Canadian Association of Snowboard Instructors
- Abbreviation: CASI
- Formation: 1994
- Type: Nonprofit Organization
- Purpose: Snowboarding Education
- Headquarters: Cambridge, Ontario
- Official languages: English / French
- Key people: Dan Genge (CEO) Jeff Chandler (National Technical Coordinator)
- Website: casi-acms.com

= Canadian Association of Snowboard Instructors =

Canadian professional organisation

The Canadian Association of Snowboard Instructors (CASI) is Canada's national professional snowboard teaching organisation.

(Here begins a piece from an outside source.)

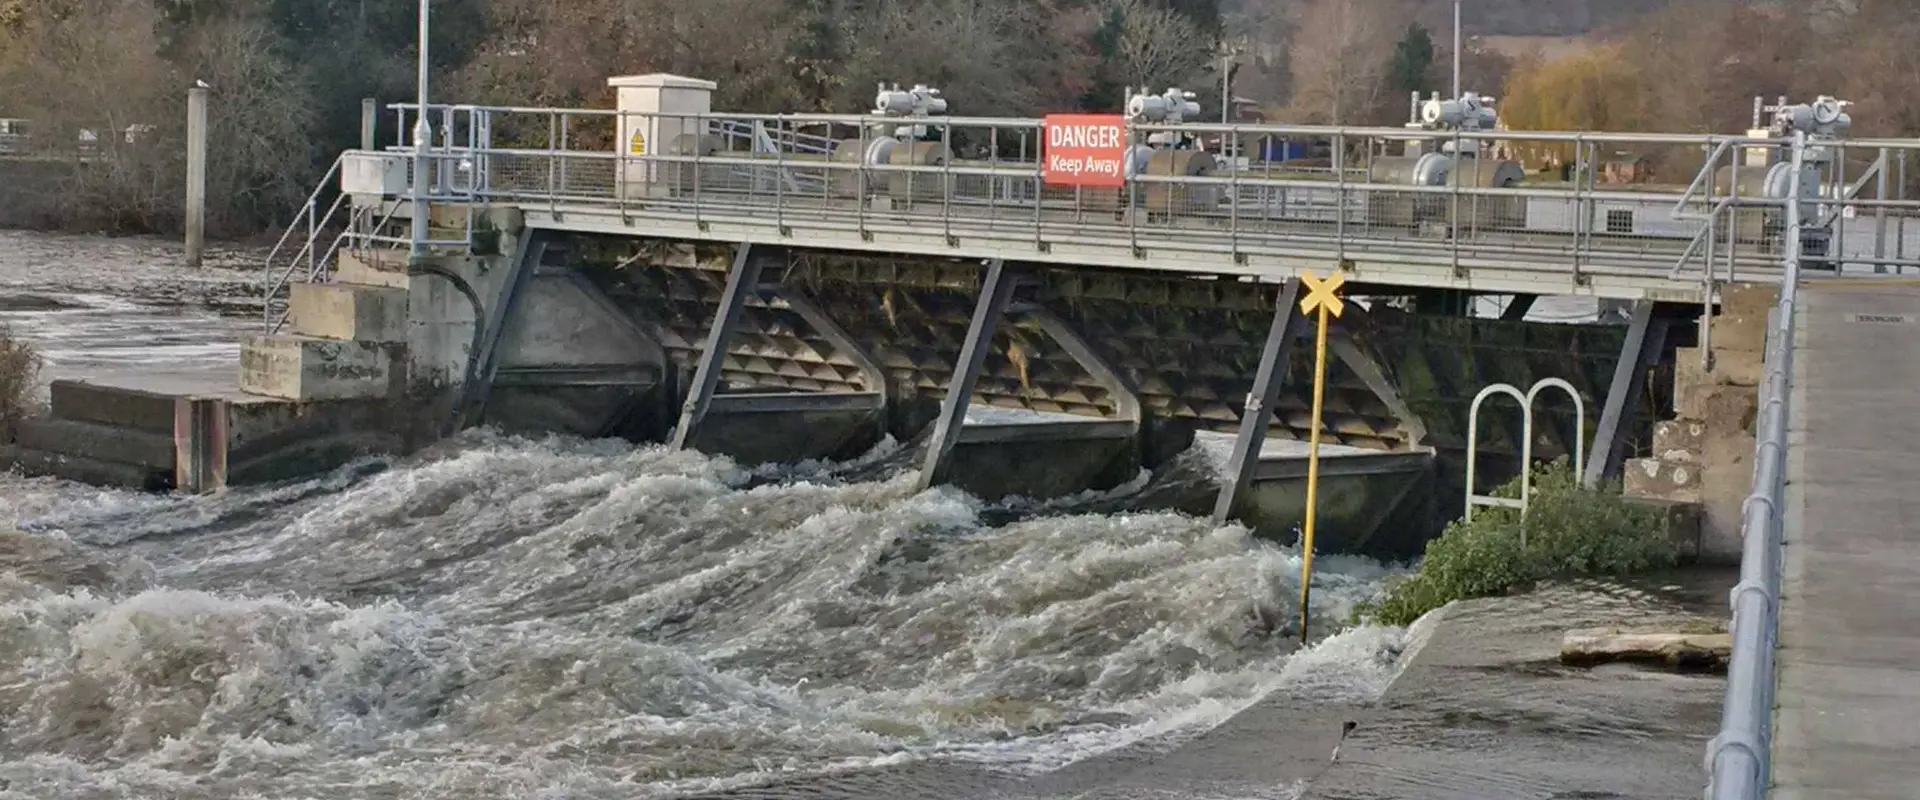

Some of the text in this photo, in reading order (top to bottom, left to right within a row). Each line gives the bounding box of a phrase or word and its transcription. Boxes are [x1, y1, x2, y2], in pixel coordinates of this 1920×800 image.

[1051, 125, 1120, 148] DANGER
[1051, 155, 1120, 177] Keep Away
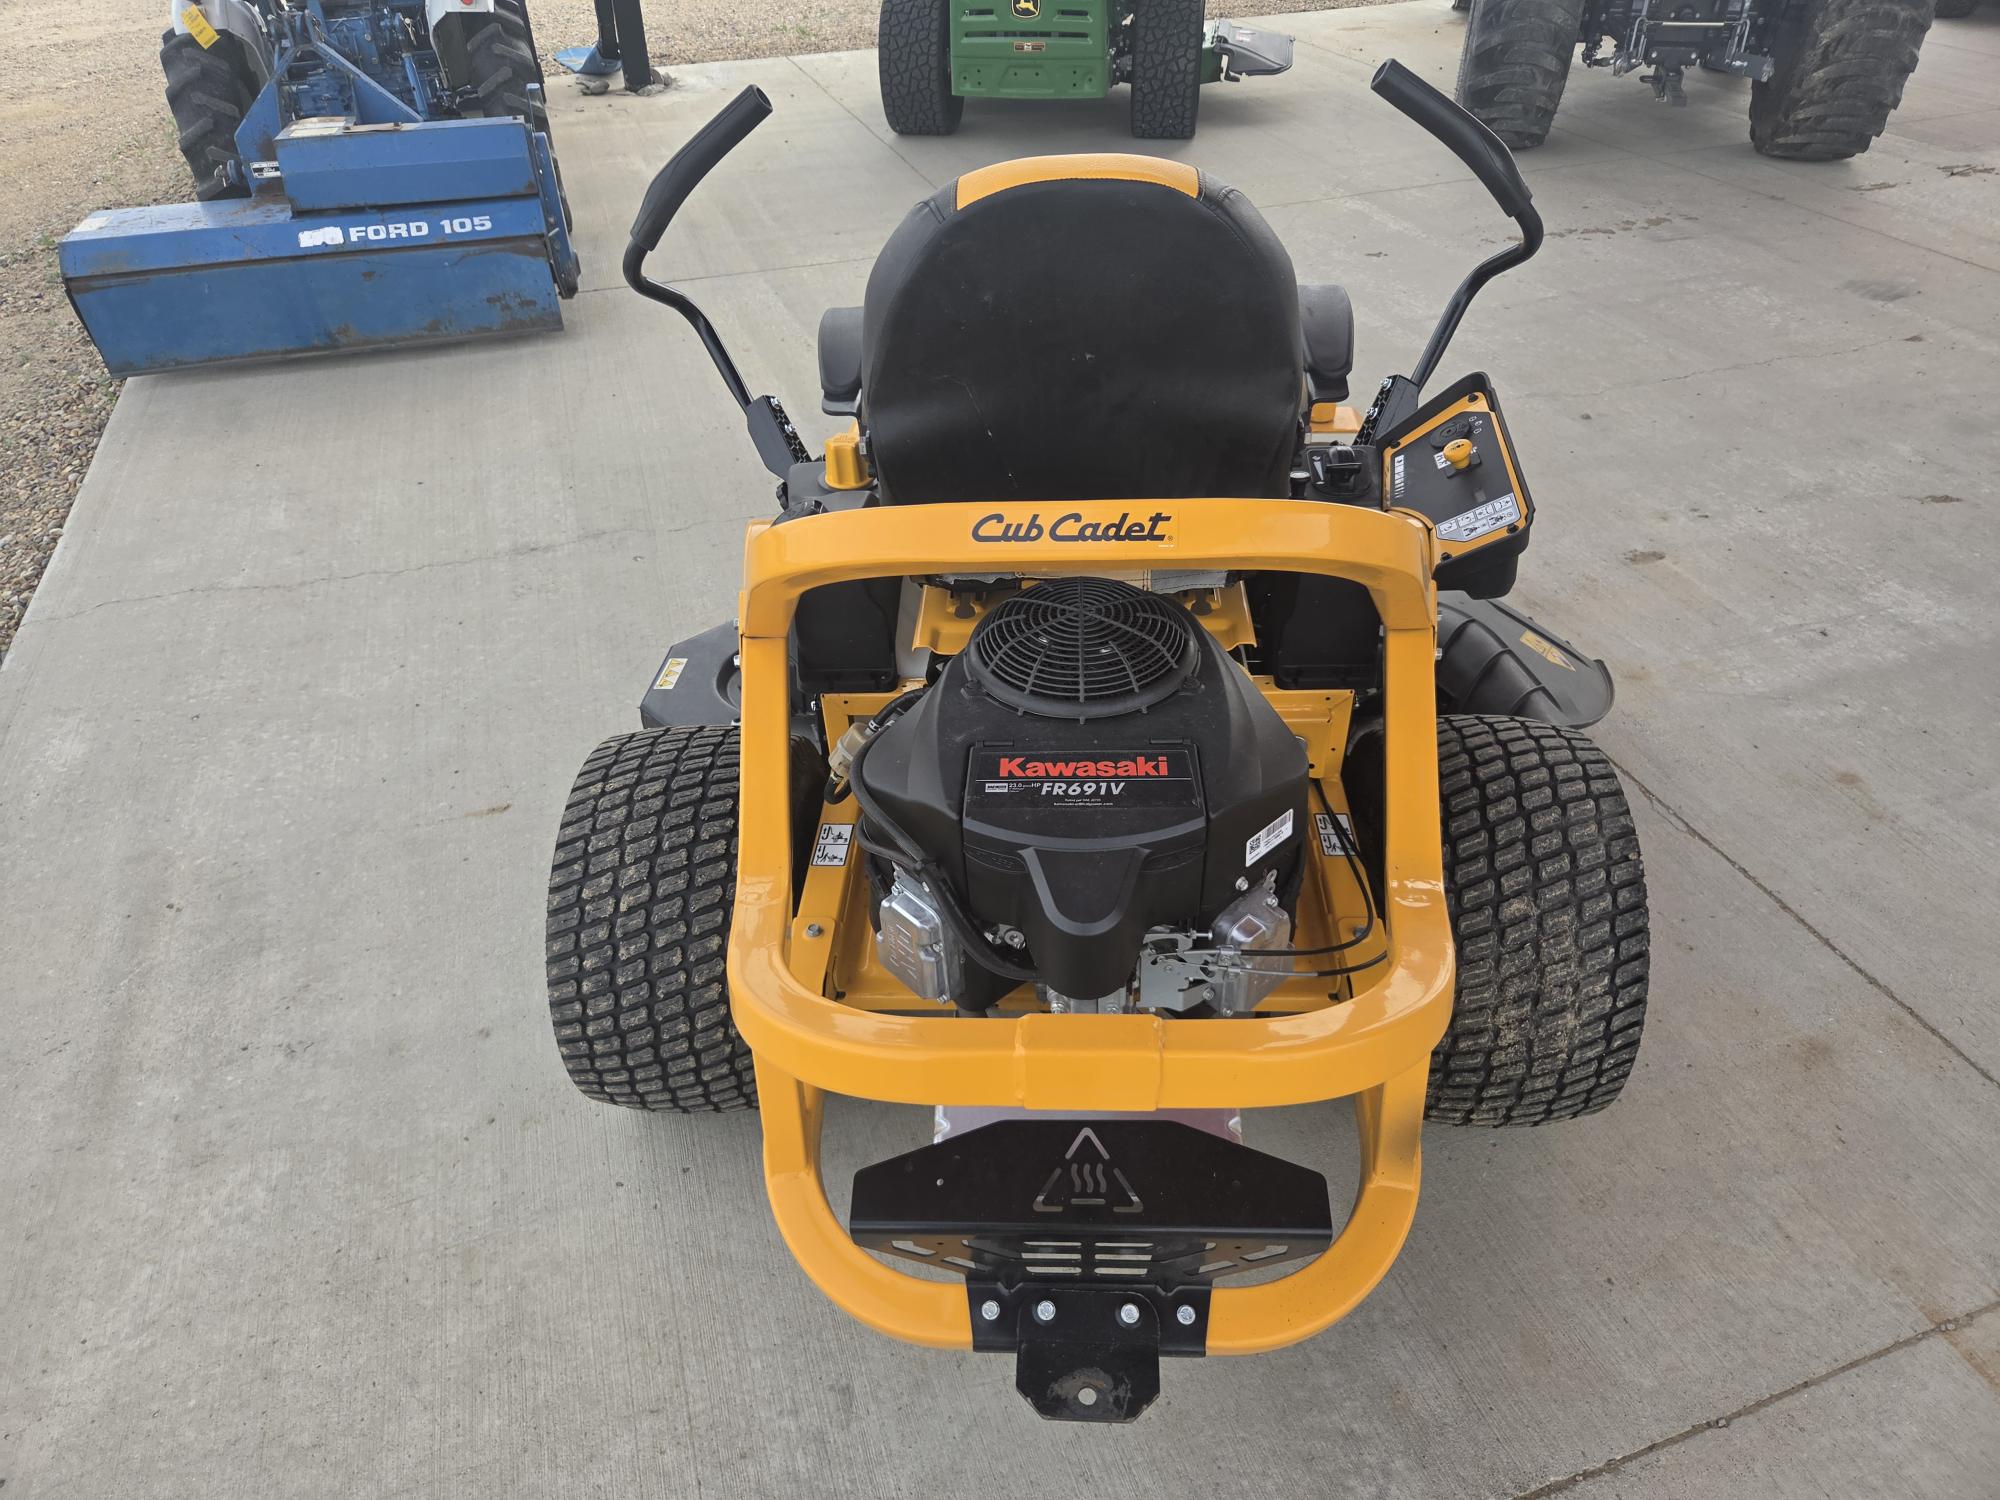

CASI is the oldest snowboard teaching organisation in North America, founded in 1994, three years before the founding of AASI. Headquartered in Cambridge, Ontario, CASI is organised into six regions in Canada.

CASI runs teaching courses and certifies instructors in Canada, Japan, South Korea, and Andorra.

== Organisation ==
CASI is organised into six regions: British Columbia, Alberta, Manitoba/Saskatchewan, Ontario, Quebec, and Atlantic. CASI has a Technical and Evaluation Committee that considers course content and technical principles.

== Membership ==
To become a member of CASI, it is necessary to pass an instructor certification course. CASI offers four levels of instructor certification and an additional freestyle certification. Instructors are evaluated on technical skills and teaching skills.

The CASI level 1 course is recognized as credit for graduation in the Canadian province of British Columbia.